Die Bewertung basiert auf einer systematischen Literaturrecherche von randomisierten kontrollierten Studien. Es wurden insgesamt 33 Studien mit verwertbaren Daten zu neun verschiedenen Störungsbereichen eingeschlossen.
💡Praxis-Tipp
Der Bericht weist darauf hin, dass für die systemische Therapie bei Erwachsenen keine Daten zu unerwünschten Ereignissen vorliegen. Es wird ärztlichem Personal nahegelegt, bei der Aufklärung über dieses Verfahren die bestehende Evidenzlücke bezüglich möglicher Schäden transparent zu kommunizieren. Zudem ist zu beachten, dass bei Angststörungen ein Anhaltspunkt für einen geringeren Nutzen im Vergleich zur psychodynamischen Langzeittherapie dokumentiert wurde.
Häufig gestellte Fragen
Laut IQWiG-Bericht gibt es einen Hinweis auf einen Nutzen bei Schizophrenie und affektiven psychotischen Störungen sowie bei Zwangsstörungen. Bei depressiven Störungen, Essstörungen und körperlichen Erkrankungen liegt jeweils ein Anhaltspunkt für einen Nutzen vor.

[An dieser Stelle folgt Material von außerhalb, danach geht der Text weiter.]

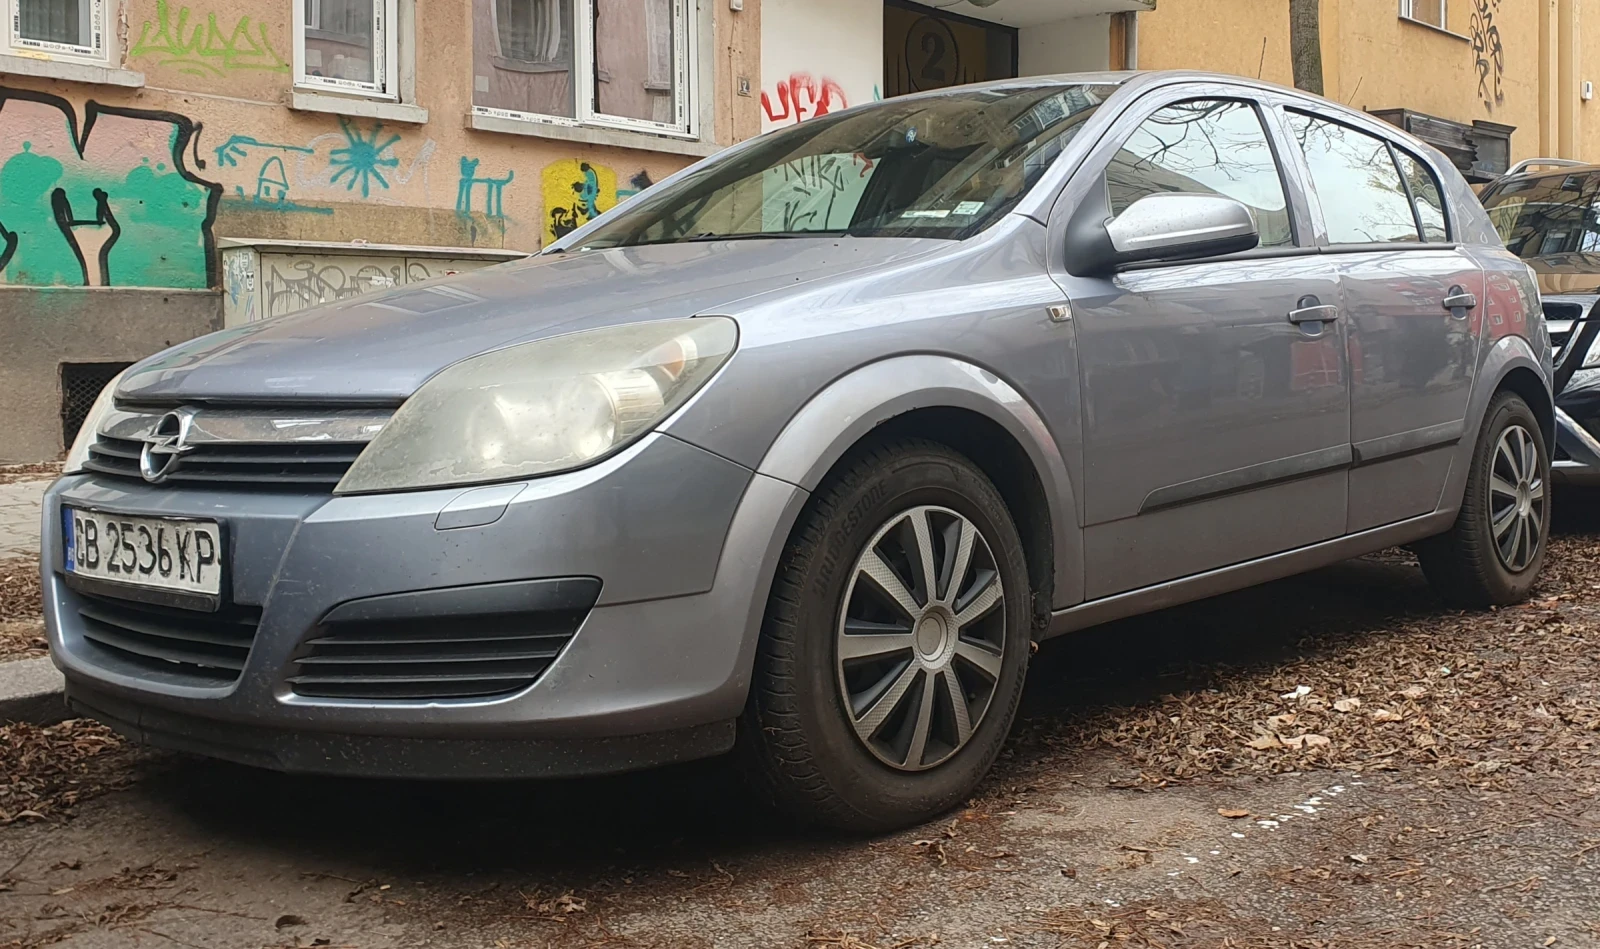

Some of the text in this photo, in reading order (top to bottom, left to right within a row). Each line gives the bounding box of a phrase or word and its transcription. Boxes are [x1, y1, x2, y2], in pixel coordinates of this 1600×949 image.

[921, 32, 946, 81] 2
[75, 516, 215, 584] CB 2536 KP
[813, 479, 890, 597] BRIDGESTONE
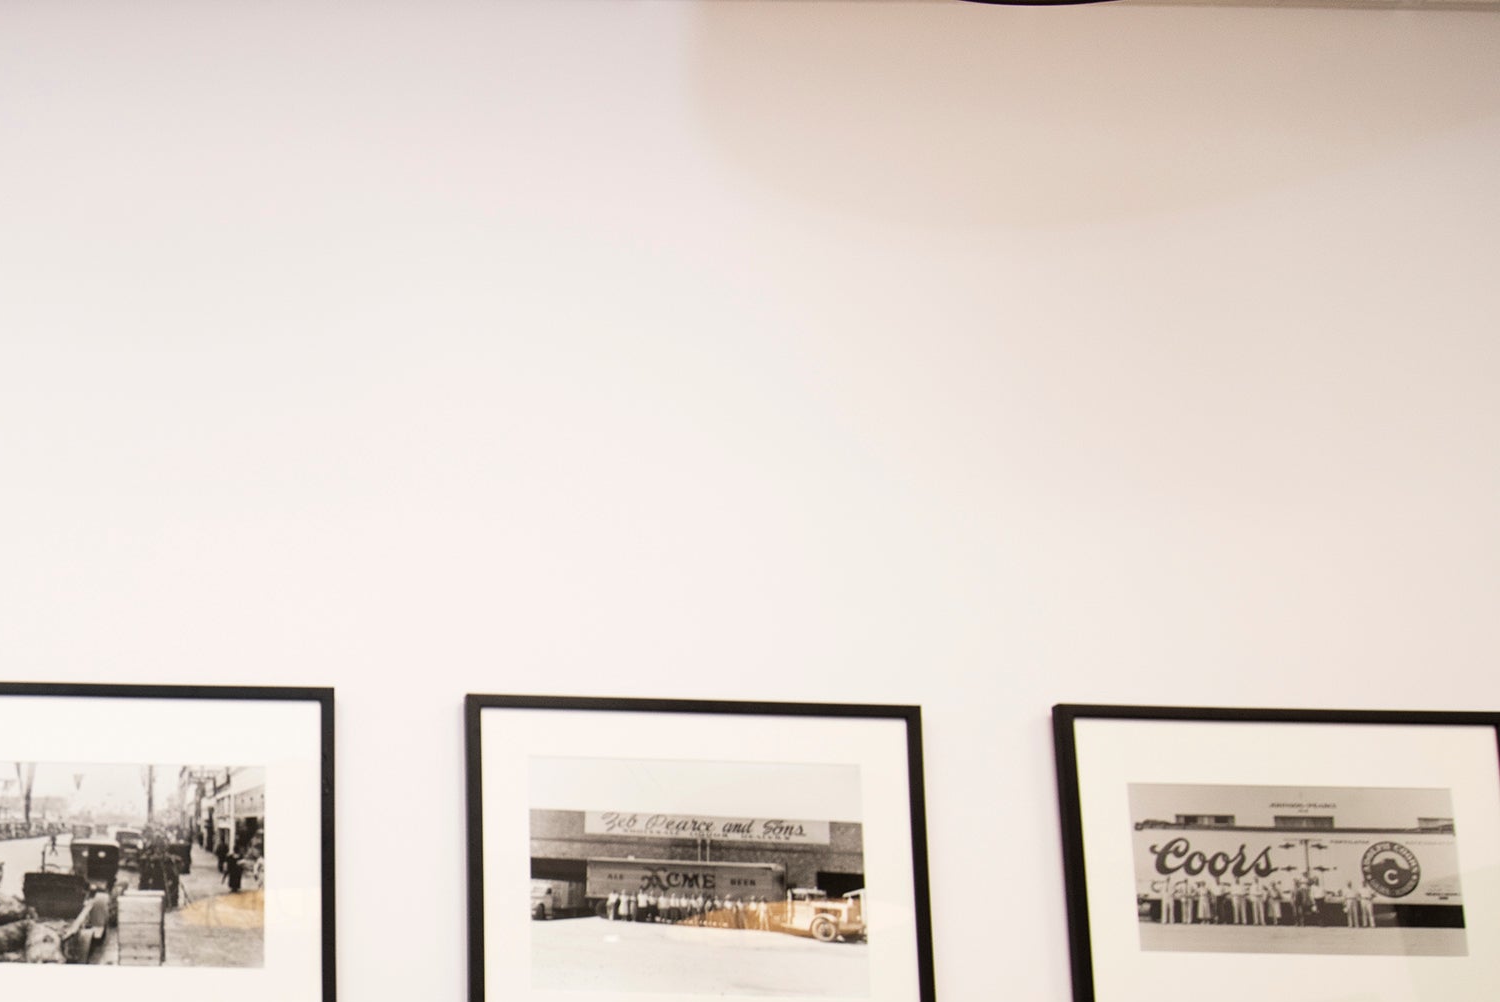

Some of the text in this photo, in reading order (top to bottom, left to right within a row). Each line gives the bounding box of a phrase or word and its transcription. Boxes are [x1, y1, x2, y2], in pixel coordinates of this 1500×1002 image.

[645, 814, 713, 832] Pearce
[722, 820, 755, 834] and
[763, 819, 807, 837] Sons
[1149, 837, 1279, 878] Coors
[639, 866, 716, 891] ACME

Die Untersuchung liefert keinen Anhaltspunkt für einen Nutzen der systemischen Therapie bei Demenz. Dies bezieht sich auf den Vergleich mit keiner zusätzlichen Behandlung bei Begleitsymptomen wie Aggressivität oder ziellosem Herumirren.
Der Bericht stellt bei Angststörungen einen Anhaltspunkt für einen geringeren Nutzen im Vergleich zu einer psychodynamischen Langzeittherapie fest. Für eine abschließende Bewertung von unerwünschten Ereignissen fehlen der Untersuchung zufolge generell die Daten.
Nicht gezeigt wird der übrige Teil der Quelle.